WORK TO COMPLETE:
Repeat every record exactly, but keep images out of the copy.

INPUT DATA:
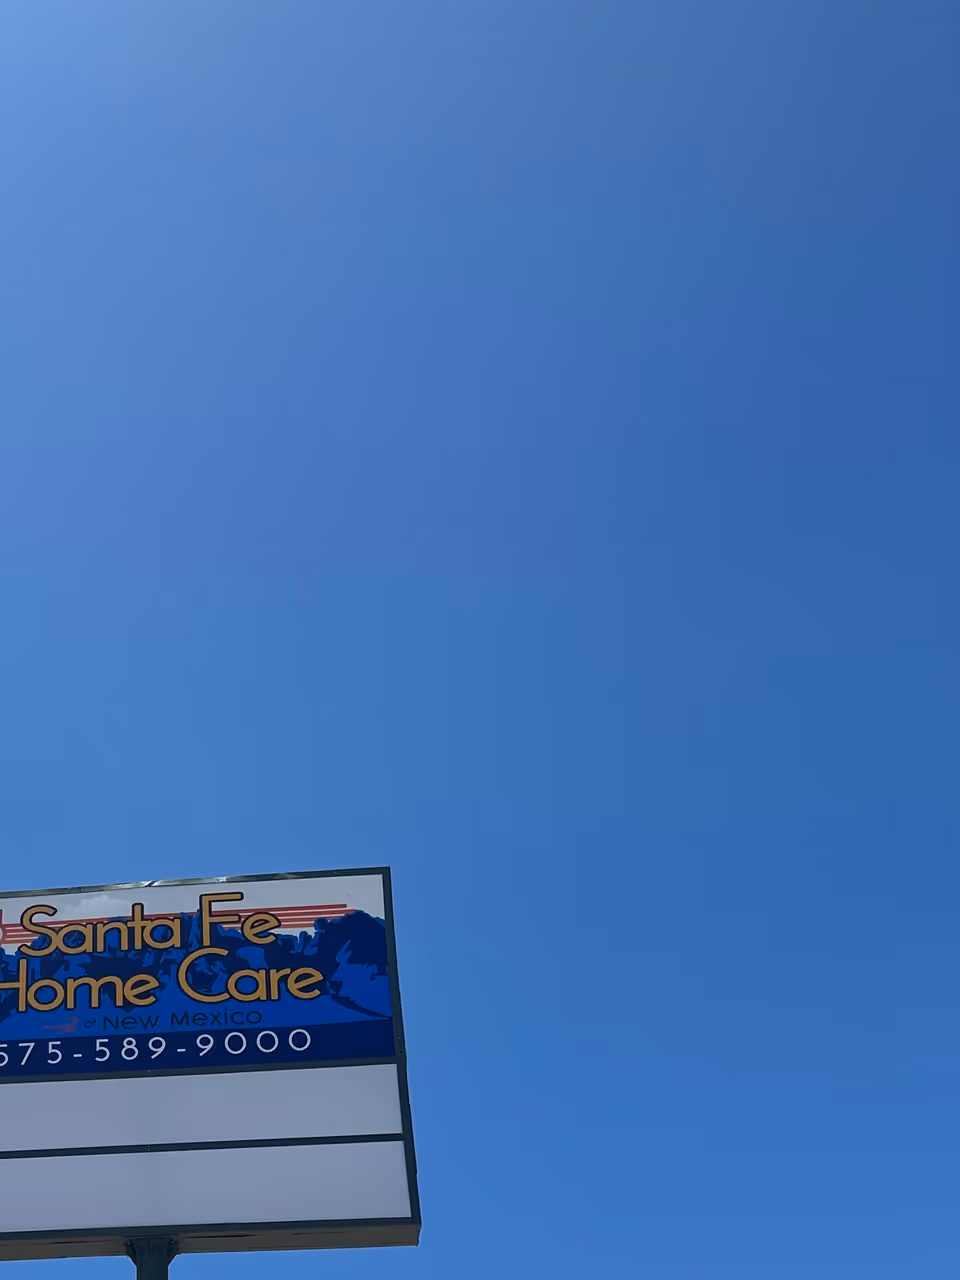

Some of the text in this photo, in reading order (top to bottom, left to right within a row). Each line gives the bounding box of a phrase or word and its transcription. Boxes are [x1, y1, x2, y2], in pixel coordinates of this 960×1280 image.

[20, 891, 281, 957] Santa Fe
[177, 947, 324, 1003] Care
[103, 1015, 160, 1031] New
[171, 1010, 262, 1027] Mexico

WRITTEN SOLUTION:
Some of the text in this photo, in reading order (top to bottom, left to right within a row). Each line gives the bounding box of a phrase or word and its transcription. Boxes are [x1, y1, x2, y2], in pixel coordinates of this 960×1280 image.

[20, 891, 281, 957] Santa Fe
[177, 947, 324, 1003] Care
[103, 1015, 160, 1031] New
[171, 1010, 262, 1027] Mexico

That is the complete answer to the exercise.